**Exercise**:
Each record must be returned exactly, apart from the pictures, which stay out.

Data extract START

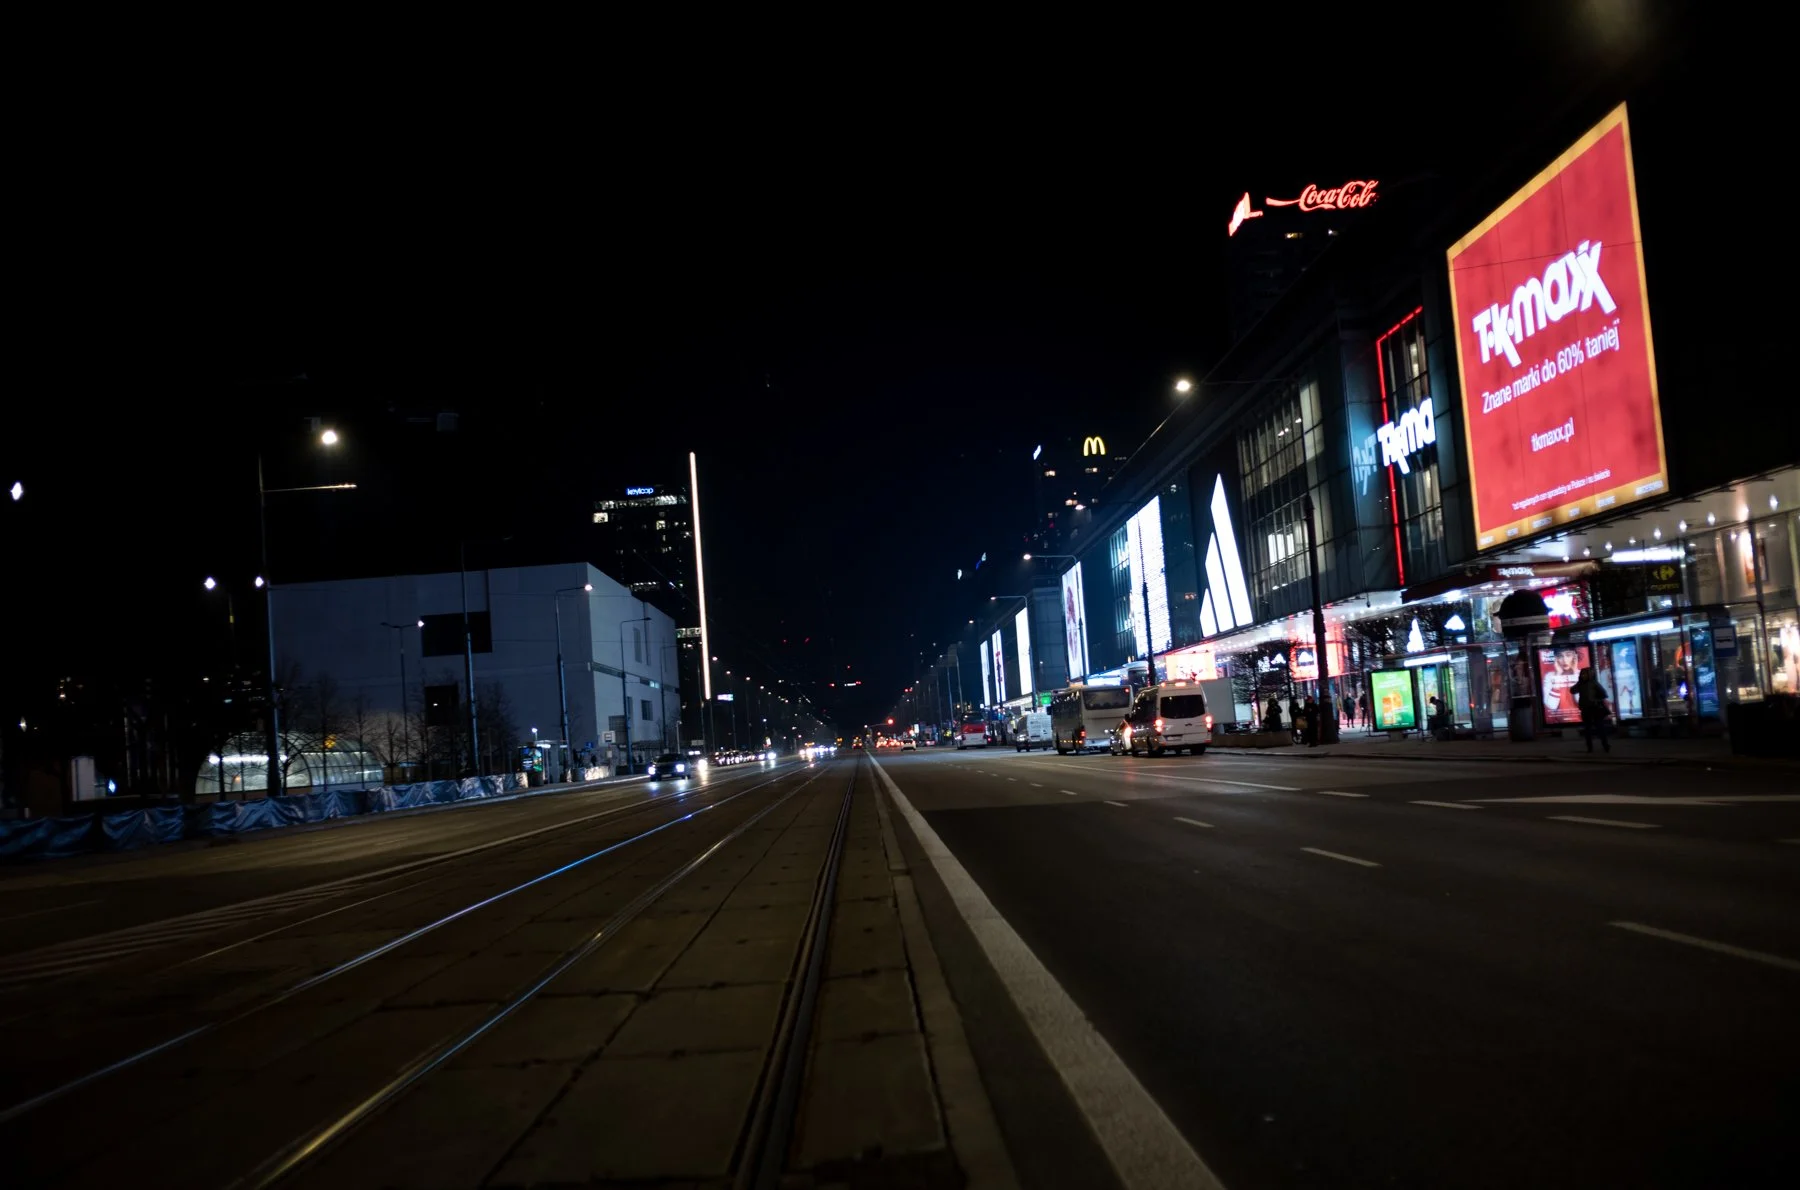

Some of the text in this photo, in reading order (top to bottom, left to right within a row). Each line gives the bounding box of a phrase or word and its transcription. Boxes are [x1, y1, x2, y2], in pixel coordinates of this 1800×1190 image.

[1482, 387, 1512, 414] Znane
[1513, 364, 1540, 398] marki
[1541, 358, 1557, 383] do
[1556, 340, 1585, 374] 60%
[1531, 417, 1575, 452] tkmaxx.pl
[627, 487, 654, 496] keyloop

Data extract END

**Answer for this exercise**:
Some of the text in this photo, in reading order (top to bottom, left to right within a row). Each line gives the bounding box of a phrase or word and its transcription. Boxes are [x1, y1, x2, y2], in pixel coordinates of this 1800×1190 image.

[1482, 387, 1512, 414] Znane
[1513, 364, 1540, 398] marki
[1541, 358, 1557, 383] do
[1556, 340, 1585, 374] 60%
[1531, 417, 1575, 452] tkmaxx.pl
[627, 487, 654, 496] keyloop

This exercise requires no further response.